>>>
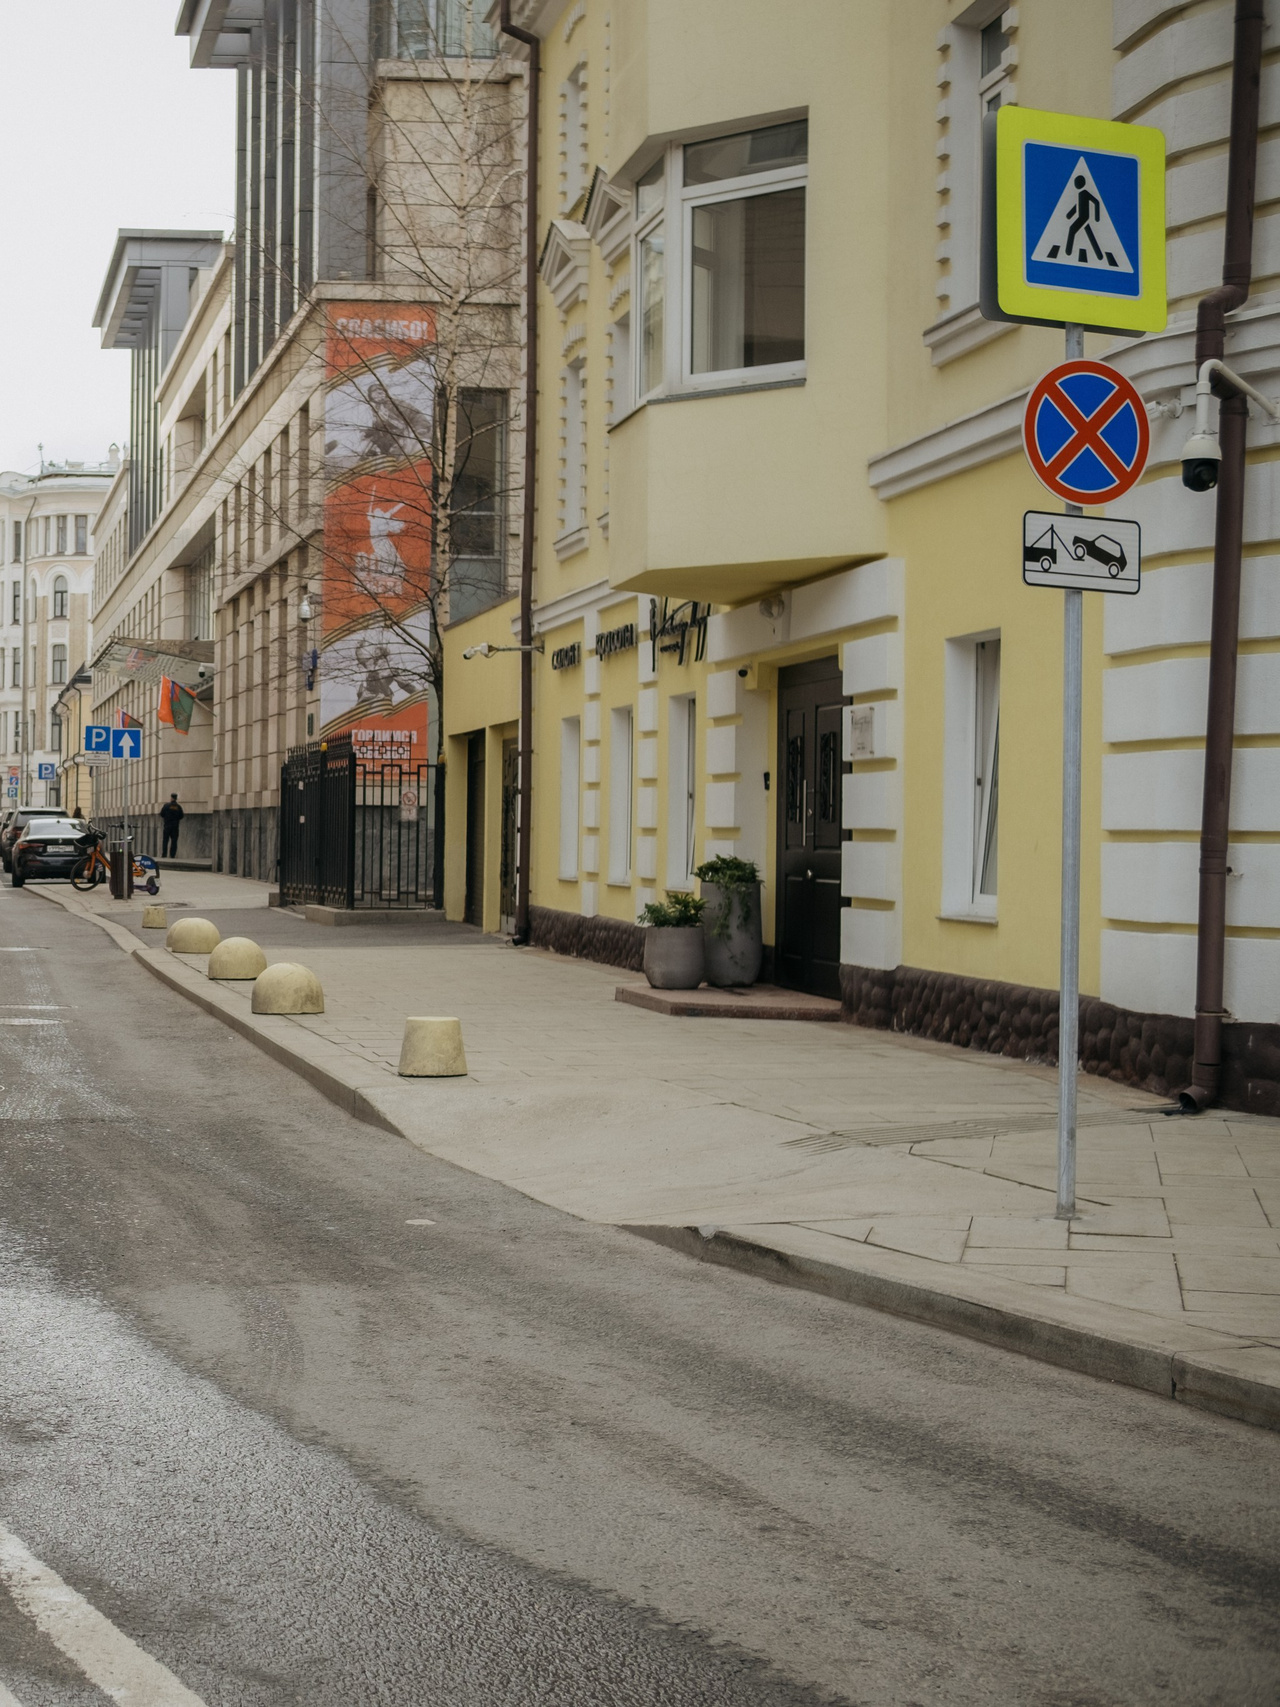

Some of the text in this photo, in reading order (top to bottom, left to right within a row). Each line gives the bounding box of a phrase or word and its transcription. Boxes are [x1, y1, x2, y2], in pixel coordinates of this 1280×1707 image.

[336, 318, 428, 340] СПАСИБО!
[91, 728, 107, 749] P
[352, 729, 417, 745] ГОРДИМСЯ
[42, 764, 52, 778] P
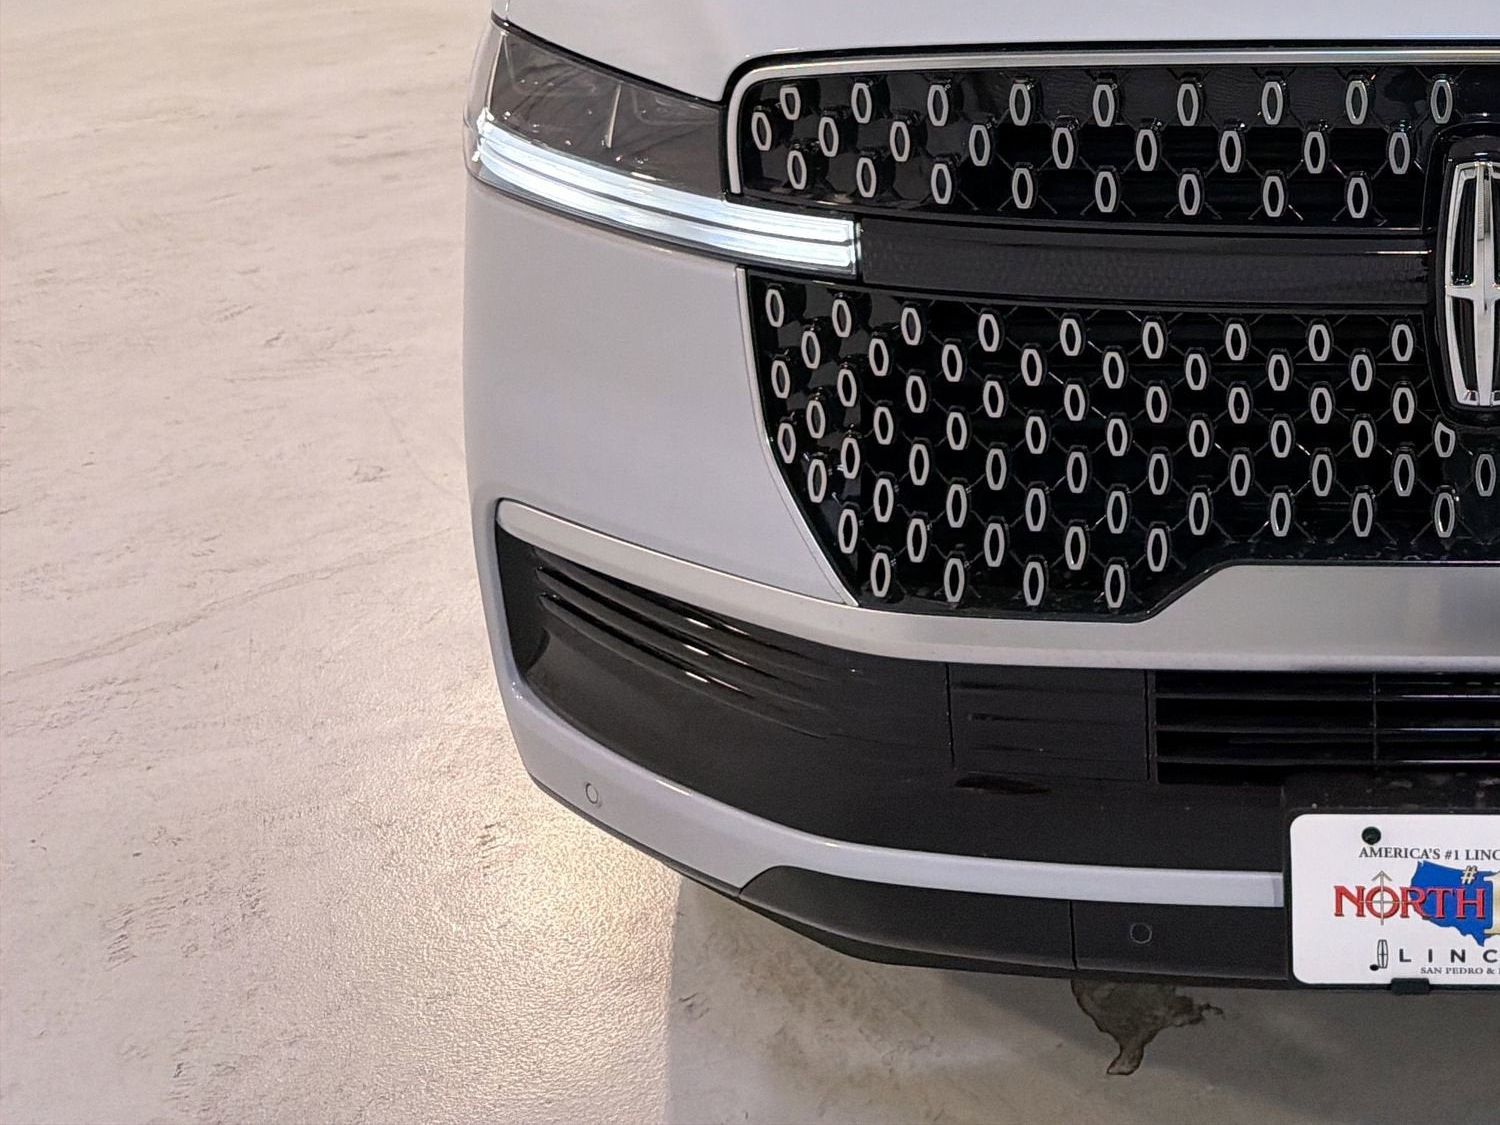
<<<
EXERCISE DESCRIPTION | Each line above should be printed again exactly, though the pictures should not be.

EXPECTED ANSWER |
Some of the text in this photo, in reading order (top to bottom, left to right within a row). Each line gives the bounding box of a phrase or word and its transcription. Boxes are [x1, y1, x2, y2], in pixel coordinates of this 1280×1707 image.

[336, 318, 428, 340] СПАСИБО!
[91, 728, 107, 749] P
[352, 729, 417, 745] ГОРДИМСЯ
[42, 764, 52, 778] P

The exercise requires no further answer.